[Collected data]
============================================================

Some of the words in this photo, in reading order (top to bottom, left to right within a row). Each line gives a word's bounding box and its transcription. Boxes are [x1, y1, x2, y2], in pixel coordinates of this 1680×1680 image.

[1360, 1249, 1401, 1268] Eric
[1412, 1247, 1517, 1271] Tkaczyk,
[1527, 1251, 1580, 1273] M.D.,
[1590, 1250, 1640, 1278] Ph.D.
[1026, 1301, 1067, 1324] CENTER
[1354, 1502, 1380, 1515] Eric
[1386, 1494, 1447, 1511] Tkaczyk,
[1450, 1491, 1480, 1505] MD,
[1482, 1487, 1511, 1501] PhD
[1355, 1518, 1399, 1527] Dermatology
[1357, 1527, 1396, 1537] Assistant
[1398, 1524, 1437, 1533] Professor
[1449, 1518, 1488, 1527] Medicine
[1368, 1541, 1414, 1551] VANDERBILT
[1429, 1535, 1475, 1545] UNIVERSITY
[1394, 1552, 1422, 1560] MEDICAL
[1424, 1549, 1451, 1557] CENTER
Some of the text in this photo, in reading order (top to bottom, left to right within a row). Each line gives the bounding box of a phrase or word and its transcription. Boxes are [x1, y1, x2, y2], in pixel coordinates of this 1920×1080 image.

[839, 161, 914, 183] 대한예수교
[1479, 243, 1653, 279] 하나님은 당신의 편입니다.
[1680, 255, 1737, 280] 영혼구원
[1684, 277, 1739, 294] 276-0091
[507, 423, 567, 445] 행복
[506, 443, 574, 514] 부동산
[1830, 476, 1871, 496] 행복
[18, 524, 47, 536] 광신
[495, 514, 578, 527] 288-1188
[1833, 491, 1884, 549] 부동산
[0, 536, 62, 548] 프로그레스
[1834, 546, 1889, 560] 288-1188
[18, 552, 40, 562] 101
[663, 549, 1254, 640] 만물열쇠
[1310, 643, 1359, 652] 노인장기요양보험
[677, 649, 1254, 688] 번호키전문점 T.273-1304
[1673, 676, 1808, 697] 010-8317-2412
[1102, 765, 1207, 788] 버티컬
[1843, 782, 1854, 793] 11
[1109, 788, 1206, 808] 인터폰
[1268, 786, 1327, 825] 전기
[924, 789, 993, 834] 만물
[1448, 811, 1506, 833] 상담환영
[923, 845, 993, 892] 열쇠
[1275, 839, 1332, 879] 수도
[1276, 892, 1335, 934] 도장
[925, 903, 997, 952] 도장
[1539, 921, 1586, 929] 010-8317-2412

============================================================

Exercise instructions
Output nothing but the lines from the one containing "Some of the text" through the last line of the data, exactly as they stand.

Answer section
Some of the text in this photo, in reading order (top to bottom, left to right within a row). Each line gives the bounding box of a phrase or word and its transcription. Boxes are [x1, y1, x2, y2], in pixel coordinates of this 1920×1080 image.

[839, 161, 914, 183] 대한예수교
[1479, 243, 1653, 279] 하나님은 당신의 편입니다.
[1680, 255, 1737, 280] 영혼구원
[1684, 277, 1739, 294] 276-0091
[507, 423, 567, 445] 행복
[506, 443, 574, 514] 부동산
[1830, 476, 1871, 496] 행복
[18, 524, 47, 536] 광신
[495, 514, 578, 527] 288-1188
[1833, 491, 1884, 549] 부동산
[0, 536, 62, 548] 프로그레스
[1834, 546, 1889, 560] 288-1188
[18, 552, 40, 562] 101
[663, 549, 1254, 640] 만물열쇠
[1310, 643, 1359, 652] 노인장기요양보험
[677, 649, 1254, 688] 번호키전문점 T.273-1304
[1673, 676, 1808, 697] 010-8317-2412
[1102, 765, 1207, 788] 버티컬
[1843, 782, 1854, 793] 11
[1109, 788, 1206, 808] 인터폰
[1268, 786, 1327, 825] 전기
[924, 789, 993, 834] 만물
[1448, 811, 1506, 833] 상담환영
[923, 845, 993, 892] 열쇠
[1275, 839, 1332, 879] 수도
[1276, 892, 1335, 934] 도장
[925, 903, 997, 952] 도장
[1539, 921, 1586, 929] 010-8317-2412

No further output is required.